Cooler Master 932 full tower
Corsair 850 watt power supply
Intel Core I7 920 processor
Corsair 12gb of DDR3 1600 ram
ASUS P6T6 motherboard
ASUS EN9500GT 512mb video cards (2)
Intel x25-M 80gb SSD (2) in raid 0 to run OS, and programs
Hitachi 1tb 7200rpm HDD for general storage
Windows 7 OS

I didn't mention the add on's such as DVD drive, and extras. So I'm wondering if any of you guru's see any glitches in this parts list, or anyting I'm missing. Also, would I be able to run a triple monitor setup off of the 2 video cards? I'm still a little retarded about the video card(s), SLI end of things...

Thanks!
 

1leonchen

New Member
Hitachi 1tb 7200rpm HDD for general storage


i bought a Hitachi 500 gb 7200rpm HDD for strach dick it was a peice of junk stiill cant get my warranty.
try seagate they bought out maxtor which is the best. i satill have my quantium and will never part wiht it.
 

907customs

New Member
Thanks for the heads up on the HDD, I just chose a cheap one, without any research. Overall cost for build so far is $2200, but that doesn't include the OS.
 

choucove

New Member
Having just upgraded to using SSD drives in RAID 0 on my newest computer for myself, I have to SERIOUSLY suggest heavily researching into the options and information available before you make the move. I'm not saying its a bad move, I'm glad I did it! I just am saying that I researched for several months to learn everything that I could on what it takes to maintain and set up a system on SSD and getting a good deal too!

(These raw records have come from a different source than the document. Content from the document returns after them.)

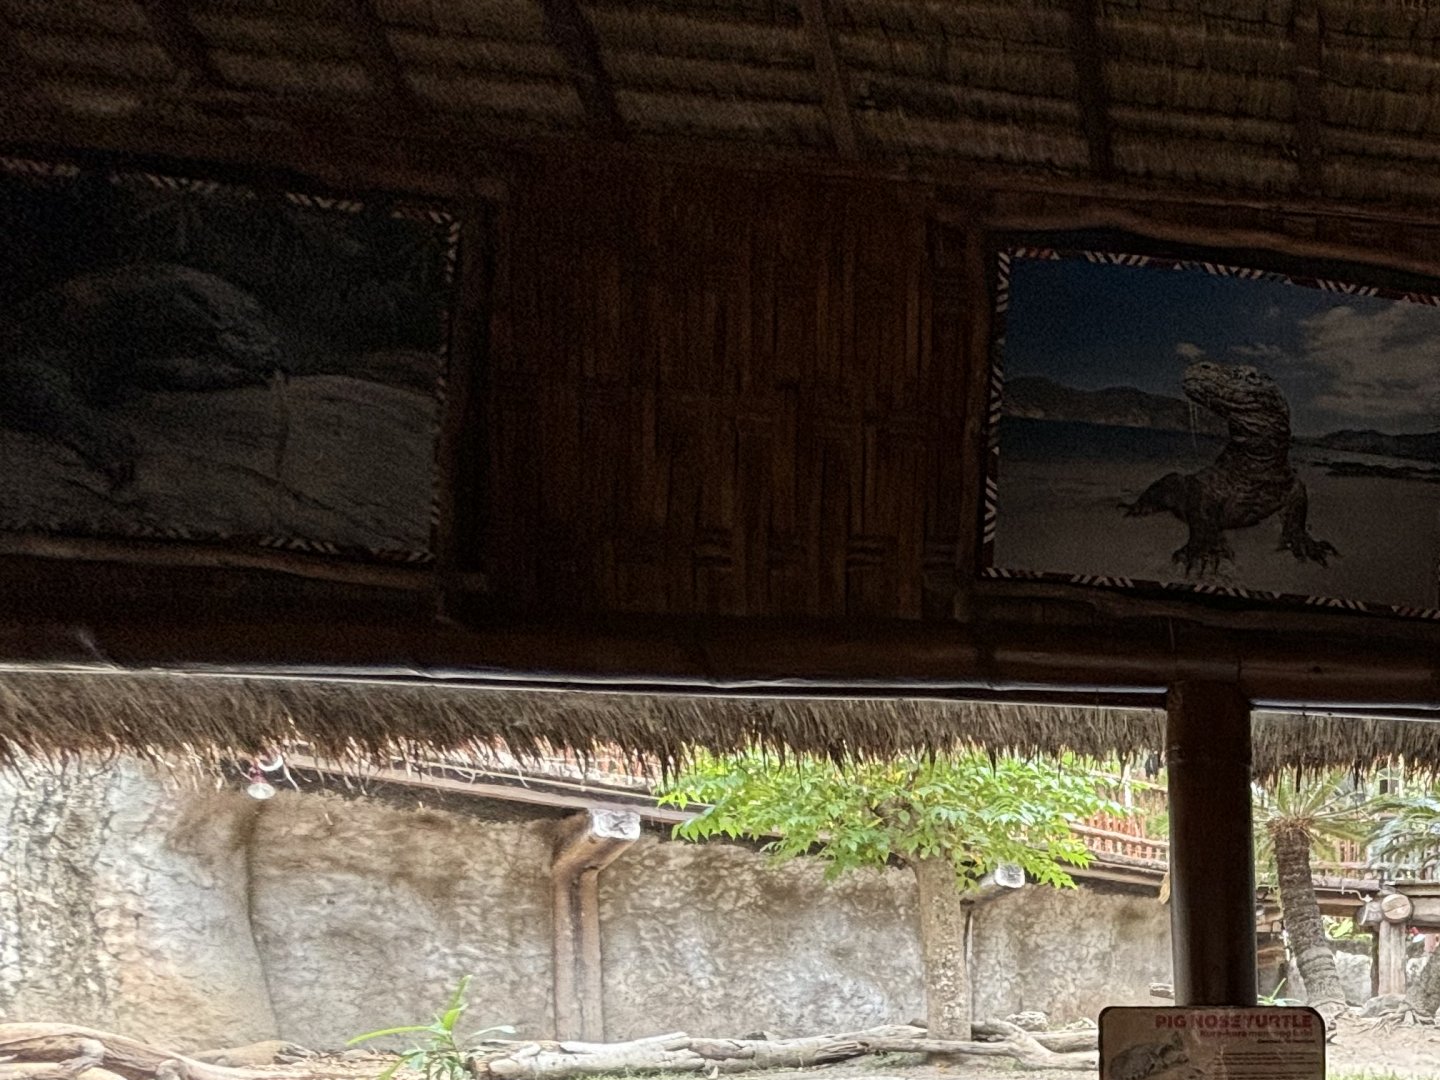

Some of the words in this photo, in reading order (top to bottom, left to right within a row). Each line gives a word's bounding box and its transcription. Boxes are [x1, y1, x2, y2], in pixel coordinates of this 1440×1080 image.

[1154, 1014, 1188, 1028] PIG
[1190, 1014, 1241, 1028] NOSE
[1245, 1014, 1313, 1028] TURTLE
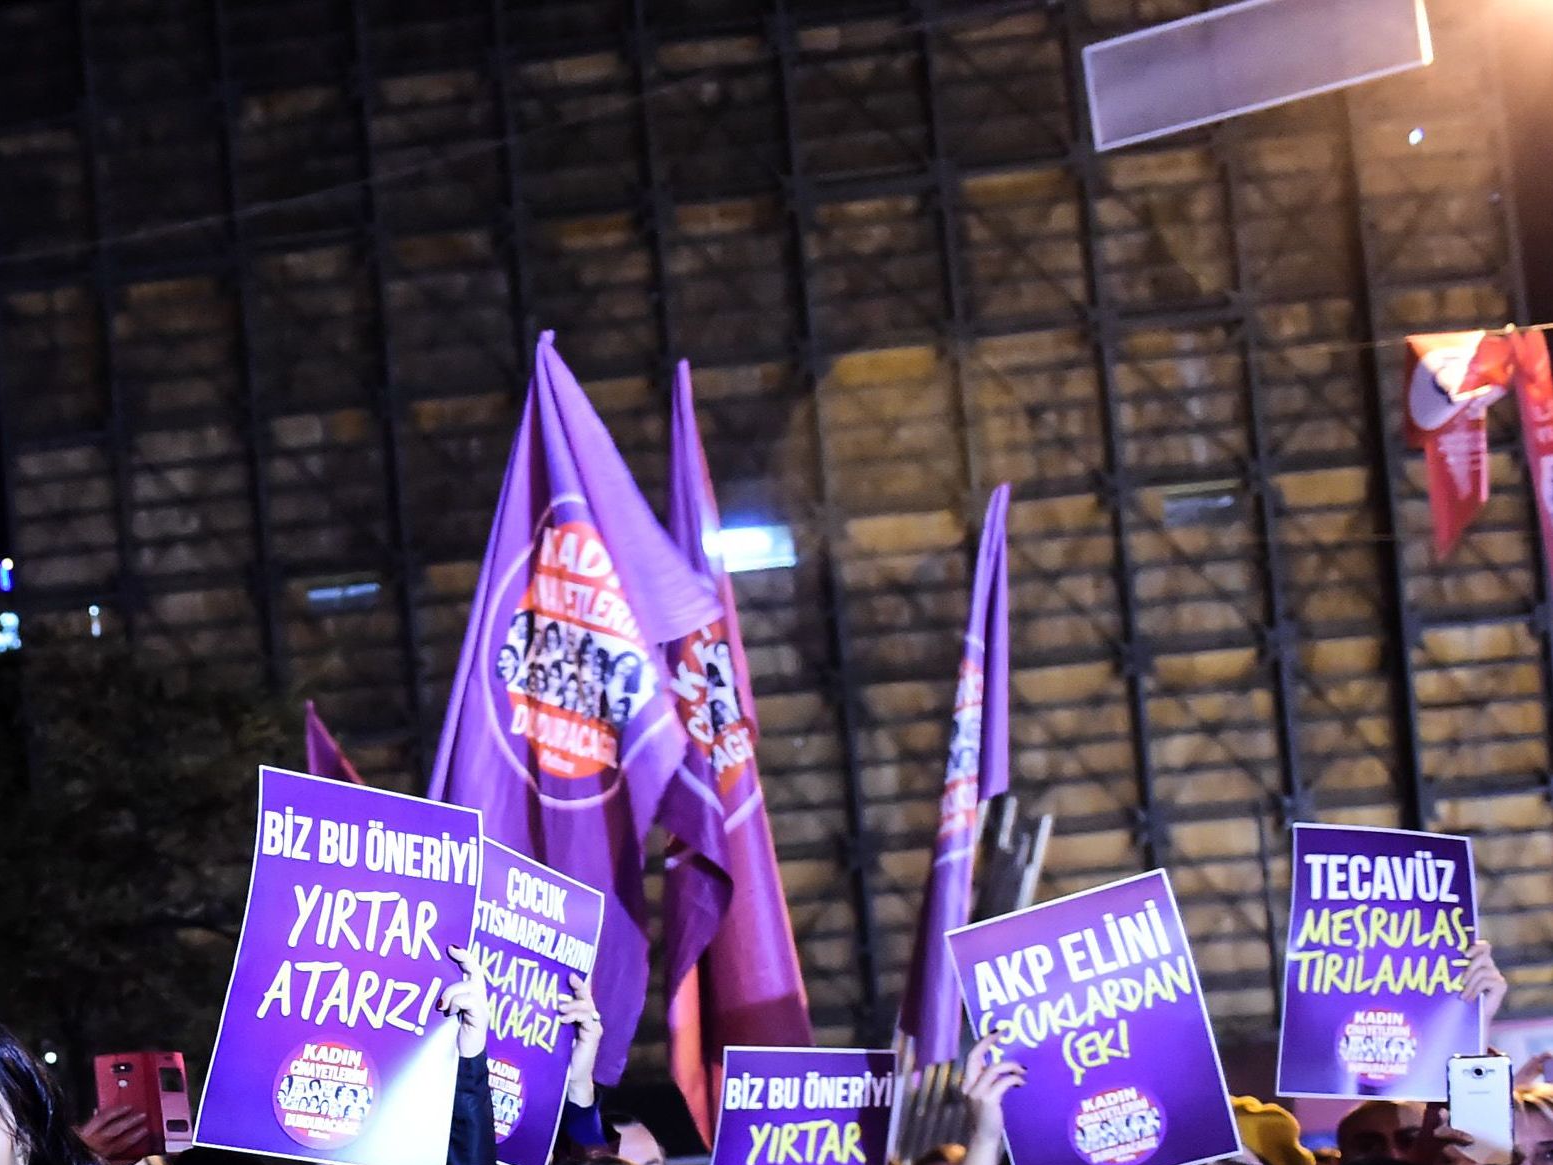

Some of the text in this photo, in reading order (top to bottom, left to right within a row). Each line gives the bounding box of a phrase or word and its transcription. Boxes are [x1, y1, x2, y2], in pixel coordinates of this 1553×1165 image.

[261, 806, 478, 887] BİZ BU ÖNERİYİ
[1303, 850, 1460, 903] TECAVÜZ
[287, 884, 442, 961] YIRTAR
[506, 867, 568, 924] ÇOCUK
[974, 899, 1172, 1012] AKP ELİNİ
[256, 960, 443, 1037] ATARIZ!
[302, 1043, 363, 1068] KADIN
[1061, 1018, 1131, 1086] ÇEK!
[724, 1071, 893, 1110] BİZ BU ÖNERİYİ

The Intel SSD drives like you have chosen are an older model, the newer and higher performance being the X25-E models. There are many articles out there about how those older Intel SSD drives suffer from slowing down over time and a huge variance in speed. I would suggest if you are dead set on the Intel drives to check out the newer models as they have the firmware and memory type to solve this problem.

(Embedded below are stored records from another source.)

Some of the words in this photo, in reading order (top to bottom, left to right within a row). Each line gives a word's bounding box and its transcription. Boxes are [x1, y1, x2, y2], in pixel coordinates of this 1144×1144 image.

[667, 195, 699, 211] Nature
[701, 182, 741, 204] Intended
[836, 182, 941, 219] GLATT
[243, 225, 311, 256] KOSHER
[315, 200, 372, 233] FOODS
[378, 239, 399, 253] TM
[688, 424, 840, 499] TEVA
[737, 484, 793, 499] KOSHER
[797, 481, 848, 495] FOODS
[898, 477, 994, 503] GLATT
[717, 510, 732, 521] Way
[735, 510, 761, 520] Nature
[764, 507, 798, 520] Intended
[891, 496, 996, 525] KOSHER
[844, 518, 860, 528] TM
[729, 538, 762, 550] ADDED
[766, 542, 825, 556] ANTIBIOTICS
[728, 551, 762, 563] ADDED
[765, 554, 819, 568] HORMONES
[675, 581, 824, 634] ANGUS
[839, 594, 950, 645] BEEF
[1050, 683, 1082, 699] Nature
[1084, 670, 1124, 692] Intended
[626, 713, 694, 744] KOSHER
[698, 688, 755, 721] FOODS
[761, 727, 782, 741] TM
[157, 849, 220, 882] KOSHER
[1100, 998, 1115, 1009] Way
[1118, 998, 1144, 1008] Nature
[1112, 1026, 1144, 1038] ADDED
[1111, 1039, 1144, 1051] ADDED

However, I also have to highly suggest that, for the price, you find something other than the Intel drives. Yes, they are considered the king of the mainstream desktop SSD drives, but they really aren't much more faster than the OCZ Vertez drives, which is what I ended up going with. One OCZ 120GB SSD is cheaper than one 32GB Intel SSD.

OCZ also has one of the best support forums for any SSD out there, and I learned multitudes from their site here.

Next, I would highly suggest taking a look at the manufacturer's website for any motherboard that you choose before-hand, and make sure to check the tested or compatible memory module list. While yes, most memory of the right type will work with whatever, DDR3 has been pretty finicky with different systems. If you don't get memory specifically listed as compatible, while it may be recognized just fine, it may have ONE thing different with it and thus it runs at degraded or slower performance than a compatible memory module would run. I just found this out myself with my own computer. Installed 8GB of Crucial Ballistix DDR3 1333 in my computer and it was all recognized and ran fine, but I had some strange stability issues at first. Came to find out the motherboard automatically set the memory voltage to 1.65 volts when the actual memory modules require 1.8 volts.

i bought a Hitachi 500 gb 7200rpm HDD for strach dick it was a peice of junk stiill cant get my warranty.
try seagate they bought out maxtor which is the best. i satill have my quantium and will never part wiht it.

I also have to agree here, I've had no troubles with Seagate ever, and I've purchased numerous hard drives from them. Others lately have had some difficulties with Seagates they say, and yes their higher-capacity drives can have a faulty firmware. However, this firmware can be updated to fix the problem, and many of the drives shipping today already have the problem fixed. All four of the new 1.5 TB Seagate drives I purchased have fixed firmware and running without trouble.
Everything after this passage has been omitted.